What is being asked –
Every record must appear in the answer exactly as it stands.

Data shown –
☆ ☆ ☆ ☆ ☆ ☆ ☆

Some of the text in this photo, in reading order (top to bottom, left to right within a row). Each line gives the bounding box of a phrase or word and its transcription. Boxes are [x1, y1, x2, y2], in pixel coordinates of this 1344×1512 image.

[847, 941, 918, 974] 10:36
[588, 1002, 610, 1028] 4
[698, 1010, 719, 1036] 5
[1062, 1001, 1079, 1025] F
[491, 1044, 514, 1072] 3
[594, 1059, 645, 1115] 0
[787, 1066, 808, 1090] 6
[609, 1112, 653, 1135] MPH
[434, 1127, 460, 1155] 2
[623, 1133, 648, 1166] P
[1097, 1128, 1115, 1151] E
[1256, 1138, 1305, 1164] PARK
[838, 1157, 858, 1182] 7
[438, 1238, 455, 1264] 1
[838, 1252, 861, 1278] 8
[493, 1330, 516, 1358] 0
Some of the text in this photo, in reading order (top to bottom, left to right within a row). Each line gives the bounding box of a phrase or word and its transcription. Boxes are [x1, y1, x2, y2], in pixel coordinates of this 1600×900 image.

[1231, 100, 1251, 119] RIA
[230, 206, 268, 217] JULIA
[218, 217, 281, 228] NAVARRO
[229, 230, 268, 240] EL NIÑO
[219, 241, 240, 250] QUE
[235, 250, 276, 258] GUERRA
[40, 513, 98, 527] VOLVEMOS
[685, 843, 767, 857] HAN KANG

☆ ☆ ☆ ☆ ☆ ☆ ☆

Result –
Some of the text in this photo, in reading order (top to bottom, left to right within a row). Each line gives the bounding box of a phrase or word and its transcription. Boxes are [x1, y1, x2, y2], in pixel coordinates of this 1344×1512 image.

[847, 941, 918, 974] 10:36
[588, 1002, 610, 1028] 4
[698, 1010, 719, 1036] 5
[1062, 1001, 1079, 1025] F
[491, 1044, 514, 1072] 3
[594, 1059, 645, 1115] 0
[787, 1066, 808, 1090] 6
[609, 1112, 653, 1135] MPH
[434, 1127, 460, 1155] 2
[623, 1133, 648, 1166] P
[1097, 1128, 1115, 1151] E
[1256, 1138, 1305, 1164] PARK
[838, 1157, 858, 1182] 7
[438, 1238, 455, 1264] 1
[838, 1252, 861, 1278] 8
[493, 1330, 516, 1358] 0
Some of the text in this photo, in reading order (top to bottom, left to right within a row). Each line gives the bounding box of a phrase or word and its transcription. Boxes are [x1, y1, x2, y2], in pixel coordinates of this 1600×900 image.

[1231, 100, 1251, 119] RIA
[230, 206, 268, 217] JULIA
[218, 217, 281, 228] NAVARRO
[229, 230, 268, 240] EL NIÑO
[219, 241, 240, 250] QUE
[235, 250, 276, 258] GUERRA
[40, 513, 98, 527] VOLVEMOS
[685, 843, 767, 857] HAN KANG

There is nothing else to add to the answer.